By now, if you’ve read anything of this blog you know that I am a daily writer. I’ve written in a journal for over 20 years. I have stacks and stacks of paper books full of my scribbles. These days I use an actual app and I journal on anything – my phone, my computer and my iPad. Along with my Precious (aka my therapist Cheryl), I don’t have much hope of remaining quasi-sane without daily journaling.

Writing is cathartic for me. It’s something I do because I need to do it – not because I want to. I can’t not do it. So imagine how happy it makes me when you guys tell me you like reading something I’ve written. It’s beyond anything I could have ever wished for.

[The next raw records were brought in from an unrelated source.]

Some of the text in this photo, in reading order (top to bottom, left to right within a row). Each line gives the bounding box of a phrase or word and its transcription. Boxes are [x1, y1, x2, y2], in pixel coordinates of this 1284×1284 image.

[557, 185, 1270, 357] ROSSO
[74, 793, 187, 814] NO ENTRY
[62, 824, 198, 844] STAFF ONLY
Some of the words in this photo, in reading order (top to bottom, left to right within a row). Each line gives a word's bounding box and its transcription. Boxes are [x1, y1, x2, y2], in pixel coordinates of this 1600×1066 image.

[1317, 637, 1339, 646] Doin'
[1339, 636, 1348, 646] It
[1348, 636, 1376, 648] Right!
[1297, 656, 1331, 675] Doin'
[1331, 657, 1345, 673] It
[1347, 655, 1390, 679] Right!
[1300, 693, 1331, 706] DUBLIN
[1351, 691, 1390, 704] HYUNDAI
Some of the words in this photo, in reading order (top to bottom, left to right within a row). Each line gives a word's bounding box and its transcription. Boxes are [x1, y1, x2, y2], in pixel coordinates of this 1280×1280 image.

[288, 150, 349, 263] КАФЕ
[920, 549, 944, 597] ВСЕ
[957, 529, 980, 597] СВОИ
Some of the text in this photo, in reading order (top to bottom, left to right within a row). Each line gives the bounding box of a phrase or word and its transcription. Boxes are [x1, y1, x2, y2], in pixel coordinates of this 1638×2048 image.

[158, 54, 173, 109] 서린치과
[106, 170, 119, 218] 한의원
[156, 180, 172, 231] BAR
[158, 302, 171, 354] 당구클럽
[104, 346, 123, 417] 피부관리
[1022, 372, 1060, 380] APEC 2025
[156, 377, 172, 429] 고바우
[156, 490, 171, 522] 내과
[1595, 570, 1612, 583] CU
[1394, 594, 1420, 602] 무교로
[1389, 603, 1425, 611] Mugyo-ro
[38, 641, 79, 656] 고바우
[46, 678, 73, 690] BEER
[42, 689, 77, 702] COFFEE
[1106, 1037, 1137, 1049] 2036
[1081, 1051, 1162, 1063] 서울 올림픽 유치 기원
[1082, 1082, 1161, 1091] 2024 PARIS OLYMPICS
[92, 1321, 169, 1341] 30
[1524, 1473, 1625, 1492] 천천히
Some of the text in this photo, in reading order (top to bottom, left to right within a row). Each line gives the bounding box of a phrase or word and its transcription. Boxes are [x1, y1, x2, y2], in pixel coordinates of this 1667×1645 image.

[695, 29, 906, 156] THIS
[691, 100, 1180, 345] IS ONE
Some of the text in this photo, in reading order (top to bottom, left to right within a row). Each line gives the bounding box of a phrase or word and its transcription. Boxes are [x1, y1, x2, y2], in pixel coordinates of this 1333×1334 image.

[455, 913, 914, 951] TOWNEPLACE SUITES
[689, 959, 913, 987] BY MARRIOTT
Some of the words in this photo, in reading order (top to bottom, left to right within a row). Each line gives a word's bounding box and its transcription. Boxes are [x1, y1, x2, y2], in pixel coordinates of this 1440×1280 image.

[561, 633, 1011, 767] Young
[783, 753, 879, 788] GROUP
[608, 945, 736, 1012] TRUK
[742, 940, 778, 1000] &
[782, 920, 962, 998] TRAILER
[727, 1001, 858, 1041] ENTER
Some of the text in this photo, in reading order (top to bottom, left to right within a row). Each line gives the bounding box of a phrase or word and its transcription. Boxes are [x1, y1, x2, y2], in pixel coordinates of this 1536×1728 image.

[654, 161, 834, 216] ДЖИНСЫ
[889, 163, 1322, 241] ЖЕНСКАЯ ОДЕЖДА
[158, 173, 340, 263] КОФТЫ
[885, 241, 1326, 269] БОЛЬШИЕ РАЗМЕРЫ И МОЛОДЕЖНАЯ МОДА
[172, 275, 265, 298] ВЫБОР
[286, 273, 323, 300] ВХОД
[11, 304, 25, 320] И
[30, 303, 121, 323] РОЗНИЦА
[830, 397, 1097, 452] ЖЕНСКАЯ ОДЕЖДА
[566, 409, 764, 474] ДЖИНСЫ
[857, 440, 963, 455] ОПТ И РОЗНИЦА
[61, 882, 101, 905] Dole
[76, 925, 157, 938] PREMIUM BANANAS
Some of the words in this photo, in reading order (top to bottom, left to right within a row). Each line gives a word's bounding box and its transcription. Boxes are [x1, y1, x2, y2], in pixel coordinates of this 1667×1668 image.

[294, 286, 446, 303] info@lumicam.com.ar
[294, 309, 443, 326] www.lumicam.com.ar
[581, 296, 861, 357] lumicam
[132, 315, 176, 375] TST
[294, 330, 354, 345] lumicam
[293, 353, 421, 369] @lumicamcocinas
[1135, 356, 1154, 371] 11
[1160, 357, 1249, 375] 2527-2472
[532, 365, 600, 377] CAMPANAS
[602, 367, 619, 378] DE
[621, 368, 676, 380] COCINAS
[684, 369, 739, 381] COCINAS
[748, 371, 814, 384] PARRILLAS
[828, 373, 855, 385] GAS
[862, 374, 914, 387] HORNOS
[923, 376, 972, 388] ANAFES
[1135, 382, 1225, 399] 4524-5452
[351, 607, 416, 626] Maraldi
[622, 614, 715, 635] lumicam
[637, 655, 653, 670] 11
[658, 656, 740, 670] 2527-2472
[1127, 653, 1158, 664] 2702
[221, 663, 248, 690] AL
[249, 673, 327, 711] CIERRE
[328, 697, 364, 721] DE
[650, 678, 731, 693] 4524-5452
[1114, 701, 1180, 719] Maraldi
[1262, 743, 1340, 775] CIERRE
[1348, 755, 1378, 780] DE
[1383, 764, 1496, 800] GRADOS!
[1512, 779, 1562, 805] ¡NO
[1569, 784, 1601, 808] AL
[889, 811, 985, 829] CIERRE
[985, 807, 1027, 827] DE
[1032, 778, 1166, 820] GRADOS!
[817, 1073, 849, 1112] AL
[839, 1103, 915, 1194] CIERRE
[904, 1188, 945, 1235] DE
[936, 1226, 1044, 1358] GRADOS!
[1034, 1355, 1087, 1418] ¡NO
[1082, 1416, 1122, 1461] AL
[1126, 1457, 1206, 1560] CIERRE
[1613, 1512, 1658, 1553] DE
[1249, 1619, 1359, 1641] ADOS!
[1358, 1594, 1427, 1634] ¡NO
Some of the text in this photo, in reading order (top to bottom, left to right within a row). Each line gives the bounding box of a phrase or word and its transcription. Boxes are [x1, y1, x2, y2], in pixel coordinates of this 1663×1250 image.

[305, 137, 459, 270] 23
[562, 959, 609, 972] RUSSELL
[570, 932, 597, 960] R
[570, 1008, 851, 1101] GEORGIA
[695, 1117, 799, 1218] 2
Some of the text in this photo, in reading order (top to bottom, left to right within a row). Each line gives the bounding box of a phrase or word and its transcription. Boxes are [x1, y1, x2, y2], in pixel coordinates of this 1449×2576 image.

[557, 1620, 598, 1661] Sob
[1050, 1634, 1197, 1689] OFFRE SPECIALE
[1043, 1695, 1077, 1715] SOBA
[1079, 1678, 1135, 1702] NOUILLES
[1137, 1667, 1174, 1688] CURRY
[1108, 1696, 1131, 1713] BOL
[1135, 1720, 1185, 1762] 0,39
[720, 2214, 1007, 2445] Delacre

I started putting my personal writings on this blog because I needed a community. I needed to find people like you all that I could learn from. Real people with real MS who were bound to be so much better at managing this disease than I am at present. I have great doctors, I really do, but it shocks me to this day how The Great Scott, while clearly one of the very best among MS specialists out there, still doesn’t quite get it. I know this every time he asks me, “When did you last walk a mile, Maribeth.” I resist throttling him mostly because I like him and I need his big brain.

Unless you have MS, you can’t possibly understand what it feels like to have it. You can empathize and listen and love and help. I’m grateful for all of those around me who do these things consistently every single day. But you also need a community. So I found one. Props to http://www.trippingonair.com/ for being my original inspiration to take my writing public. You should check her out. She wins awards and stuff and is one of my personal favorite MS bloggers out there.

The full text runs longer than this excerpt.